BEGIN INPUT DATA

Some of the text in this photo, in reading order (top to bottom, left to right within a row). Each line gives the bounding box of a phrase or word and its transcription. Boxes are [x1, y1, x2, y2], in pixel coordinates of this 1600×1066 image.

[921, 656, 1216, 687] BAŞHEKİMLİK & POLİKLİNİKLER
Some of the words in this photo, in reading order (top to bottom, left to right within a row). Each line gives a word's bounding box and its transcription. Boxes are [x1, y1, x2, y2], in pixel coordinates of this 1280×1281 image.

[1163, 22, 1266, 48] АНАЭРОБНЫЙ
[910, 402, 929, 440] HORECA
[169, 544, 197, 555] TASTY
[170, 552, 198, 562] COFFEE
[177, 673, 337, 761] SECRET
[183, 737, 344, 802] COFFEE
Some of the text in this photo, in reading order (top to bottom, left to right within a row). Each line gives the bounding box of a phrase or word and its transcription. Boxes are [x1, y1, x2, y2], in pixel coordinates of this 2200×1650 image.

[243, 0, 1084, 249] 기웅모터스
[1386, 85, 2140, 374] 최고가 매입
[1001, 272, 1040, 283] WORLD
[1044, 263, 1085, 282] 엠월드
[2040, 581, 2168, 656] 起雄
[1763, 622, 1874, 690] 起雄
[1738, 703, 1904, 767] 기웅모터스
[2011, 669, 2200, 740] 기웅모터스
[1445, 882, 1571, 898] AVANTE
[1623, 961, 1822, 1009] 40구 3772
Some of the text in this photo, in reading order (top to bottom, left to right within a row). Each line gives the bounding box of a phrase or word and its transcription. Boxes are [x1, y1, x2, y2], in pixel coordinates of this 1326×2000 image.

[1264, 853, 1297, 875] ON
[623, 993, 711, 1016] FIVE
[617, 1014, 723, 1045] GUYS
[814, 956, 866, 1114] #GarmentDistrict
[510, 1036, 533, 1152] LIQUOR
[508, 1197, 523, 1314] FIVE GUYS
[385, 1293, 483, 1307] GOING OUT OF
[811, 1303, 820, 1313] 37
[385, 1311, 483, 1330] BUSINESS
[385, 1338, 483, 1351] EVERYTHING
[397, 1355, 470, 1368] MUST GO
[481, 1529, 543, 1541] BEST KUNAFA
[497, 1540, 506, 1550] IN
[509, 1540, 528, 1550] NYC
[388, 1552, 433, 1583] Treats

END INPUT DATA

WHAT THE TASK REQUIRES
Give back exactly the lines running from the line containing "Some of the words" through the end of the material above, both included, and nothing beyond them.

EXPECTED OUTPUT
Some of the words in this photo, in reading order (top to bottom, left to right within a row). Each line gives a word's bounding box and its transcription. Boxes are [x1, y1, x2, y2], in pixel coordinates of this 1280×1281 image.

[1163, 22, 1266, 48] АНАЭРОБНЫЙ
[910, 402, 929, 440] HORECA
[169, 544, 197, 555] TASTY
[170, 552, 198, 562] COFFEE
[177, 673, 337, 761] SECRET
[183, 737, 344, 802] COFFEE
Some of the text in this photo, in reading order (top to bottom, left to right within a row). Each line gives the bounding box of a phrase or word and its transcription. Boxes are [x1, y1, x2, y2], in pixel coordinates of this 2200×1650 image.

[243, 0, 1084, 249] 기웅모터스
[1386, 85, 2140, 374] 최고가 매입
[1001, 272, 1040, 283] WORLD
[1044, 263, 1085, 282] 엠월드
[2040, 581, 2168, 656] 起雄
[1763, 622, 1874, 690] 起雄
[1738, 703, 1904, 767] 기웅모터스
[2011, 669, 2200, 740] 기웅모터스
[1445, 882, 1571, 898] AVANTE
[1623, 961, 1822, 1009] 40구 3772
Some of the text in this photo, in reading order (top to bottom, left to right within a row). Each line gives the bounding box of a phrase or word and its transcription. Boxes are [x1, y1, x2, y2], in pixel coordinates of this 1326×2000 image.

[1264, 853, 1297, 875] ON
[623, 993, 711, 1016] FIVE
[617, 1014, 723, 1045] GUYS
[814, 956, 866, 1114] #GarmentDistrict
[510, 1036, 533, 1152] LIQUOR
[508, 1197, 523, 1314] FIVE GUYS
[385, 1293, 483, 1307] GOING OUT OF
[811, 1303, 820, 1313] 37
[385, 1311, 483, 1330] BUSINESS
[385, 1338, 483, 1351] EVERYTHING
[397, 1355, 470, 1368] MUST GO
[481, 1529, 543, 1541] BEST KUNAFA
[497, 1540, 506, 1550] IN
[509, 1540, 528, 1550] NYC
[388, 1552, 433, 1583] Treats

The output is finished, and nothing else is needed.